Billy would like to say it is in fact not his fault. It’s really not. Who hits someone with magic they obviously don’t know how to use? Well okay maybe he had done that before, but it’s not like he ever did it around other people where they could get hit!
But someone was an idiot and now he’s here, as his normal ten-year old self kicking his legs while sitting in the Watchtower as the others argued. Apparently the League thinks he’s been de-aged, which is good as his secret isn’t out.
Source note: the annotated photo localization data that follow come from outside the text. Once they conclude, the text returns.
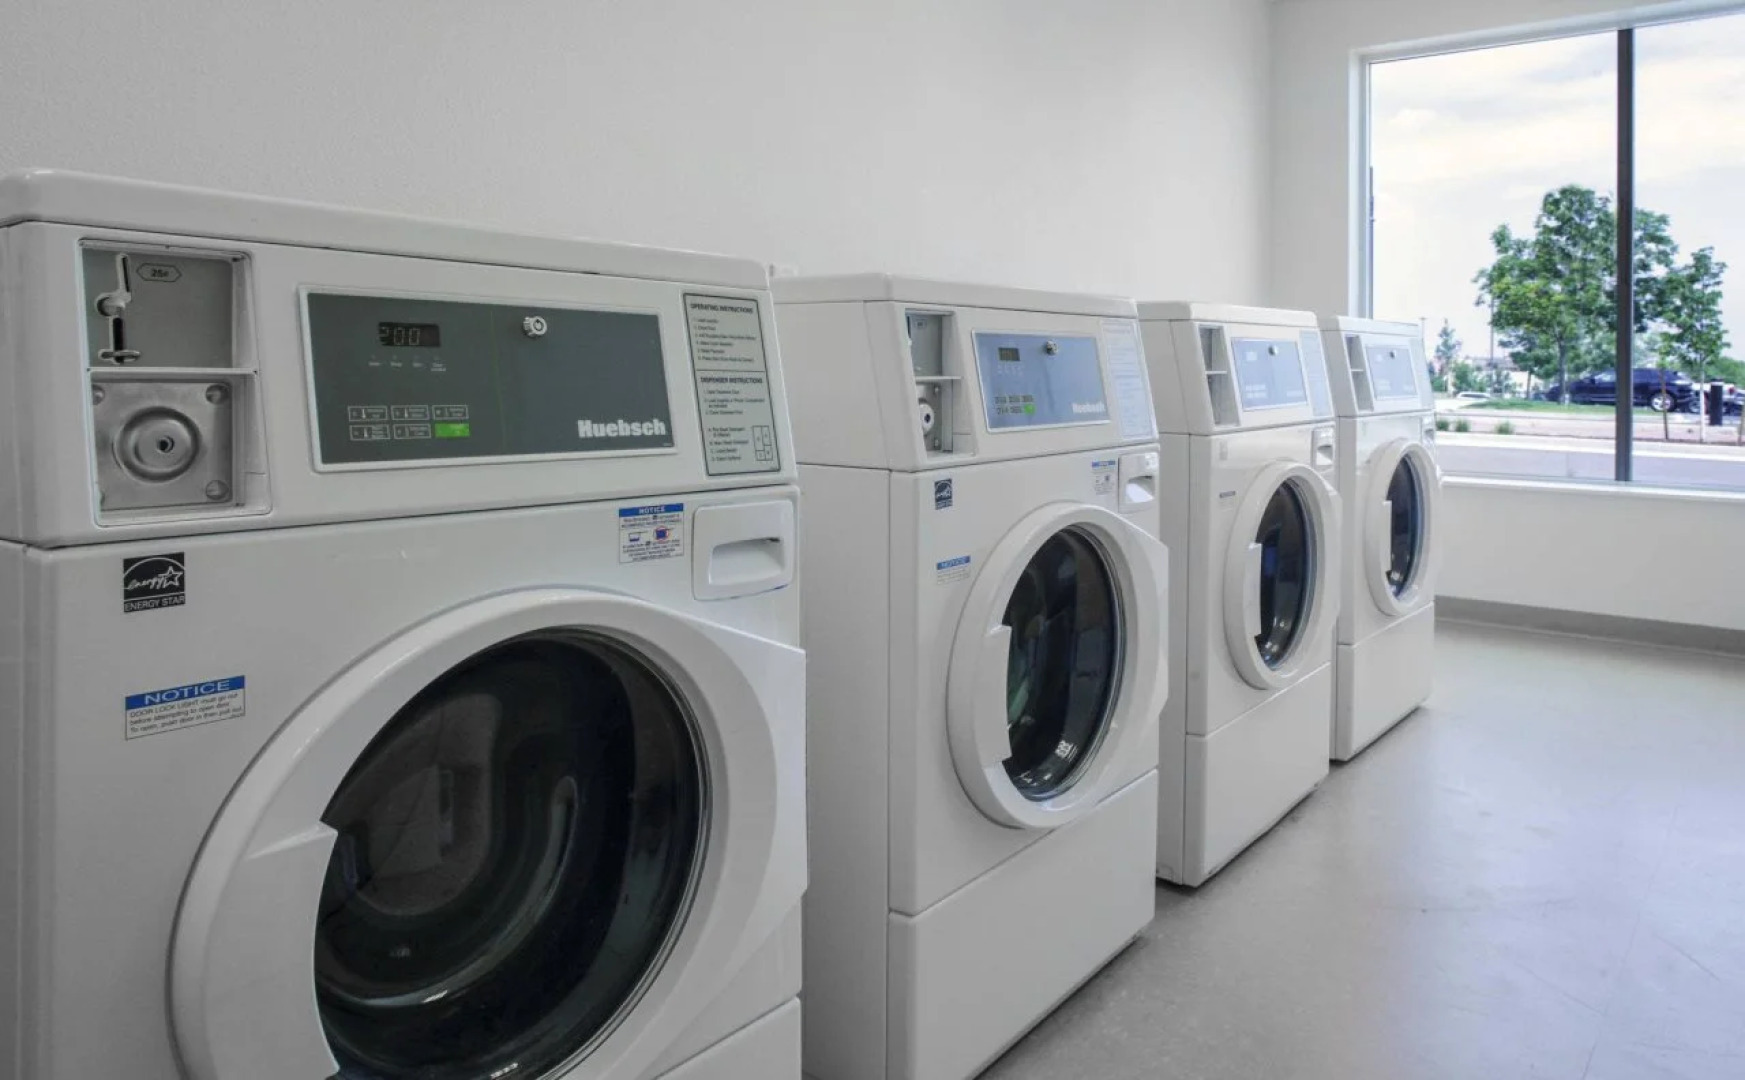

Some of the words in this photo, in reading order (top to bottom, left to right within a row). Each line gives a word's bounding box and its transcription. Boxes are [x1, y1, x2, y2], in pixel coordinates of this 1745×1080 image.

[578, 419, 666, 438] Huebsch
[638, 505, 666, 515] NOTICE
[125, 599, 159, 611] ENERGY
[162, 596, 185, 607] STAR
[144, 680, 230, 705] NOTICE
[130, 708, 154, 718] DOOR
[155, 705, 176, 714] LOCK
[130, 716, 152, 726] before
The uh, issue is that something about the spell might have um, partially manifested the gods- or as he called them the Mediterranean Magic Men, if only because of how annoyed it made Zeus. Now everyone can see the chat that’s usually only visible to him and apparently it’s concerning.
He doesn’t see how it’s an issue, Zeus has been silenced for the next hour and Hercules has been dying of laughter for the last three. Oh, wait, it might be from Mercury’s constant attempted flirting with Flash. …Or the fact they’re trying to convince him to commit a crime and he’s honestly down for doing so seeing as he’s a homeless ten year old who is down for getting clairvoyance and super speed for the next thirty minutes in exchange…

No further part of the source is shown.